Vipera ammodytes bites treated with antivenom ViperaTAb: a case series with pharmacokinetic evaluation.

Author information

1
a Centre for Clinical Toxicology and Pharmacology, University Medical Centre Ljubljana , Ljubljana , Slovenia.
2
b Faculty of Medicine , Institute of Pathophysiology, University of Ljubljana , Ljubljana , Slovenia.
3
c Centre for Research and Knowledge Transfer in Biotechnology, University of Zagreb , Zagreb , Croatia.
4
d Department of Molecular and Biomedical Sciences , Jožef Stefan Institute , Ljubljana , Slovenia.
5
e Faculty of Chemistry and Chemical Technology , University of Ljubljana , Ljubljana , Slovenia.

Abstract

CONTEXT:

In clinical practice it is difficult to differentiate between V. berus and V. ammodytes venomous bites.
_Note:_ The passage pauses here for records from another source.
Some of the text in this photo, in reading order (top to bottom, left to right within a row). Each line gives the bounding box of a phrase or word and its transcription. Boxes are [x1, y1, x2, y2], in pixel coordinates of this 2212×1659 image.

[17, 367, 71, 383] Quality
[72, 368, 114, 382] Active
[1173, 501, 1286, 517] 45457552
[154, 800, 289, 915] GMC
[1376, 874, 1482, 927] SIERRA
In the past this was not a concern, but due to the current shortage in Viperfav™ and European viper venom antiserum availability, V. a. ammodytes venomous bites have recently been treated with ViperaTAb®, which is a pharmaceutical formulation containing a monospecific ovine Fab fragments against the venom of V. berus.

OBJECTIVE:

To evaluate ViperaTAb® in V. a. ammodytes envenomations.

MATERIALS AND METHODS:

This is a prospective case series of three consecutive patients envenomed by V. a. ammodytes snakebite treated with ViperaTAb®. V. ammodytes venom, neurotoxic ammodytoxins, and Fab fragment levels were determined in serum samples and a pharmacokinetic analysis of the antivenom Fab fragments was carried out.

RESULTS:

Three patients bitten by V. a. ammodytes with extensive local swelling, neurological symptoms and recurrent thrombocytopenia were treated with ViperaTAb®. V. ammodytes venom was detected in serum of all three patients. Ammodytoxins were detected in the serum of only the most severely envenomed patient who developed neurological symptoms. In the presented moderate cases, a dose of 8 mL of ViperaTAb® reduced swelling and improved systemic effects, such as thrombocytopenia. However, this dose of ViperaTAb® was not effective in the most severely envenomed patient with the highest serum values of V. ammodytes venom. In this case ViperaTAb® did not stop local swelling and it had no effect on neurological signs. ViperaTAb®'s systemic clearance, distribution and elimination half-lives were 4.3-13.4 mL/h/kg, 1.2-3.2 h and 14.1-55.4 h, respectively.

CONCLUSIONS:

In patients envenomed by V. a. ammodytes venom, ViperaTAb® reduces moderate swelling and temporarily improves systemic effects, except neurological symptoms. ViperaTAb® application induces a decrement of V. ammodytes venom level in the blood, but did not affect serum concentration of neurotoxic ammodytoxins in the one patient with measurable concentrations.

KEYWORDS:

Fab fragments; V. a. ammodytes; ViperaTAb; nose-horned viper; pharmacokinetics

PMID:
28092984
DOI:
10.1080/15563650.2016.1277235
[Indexed for MEDLINE]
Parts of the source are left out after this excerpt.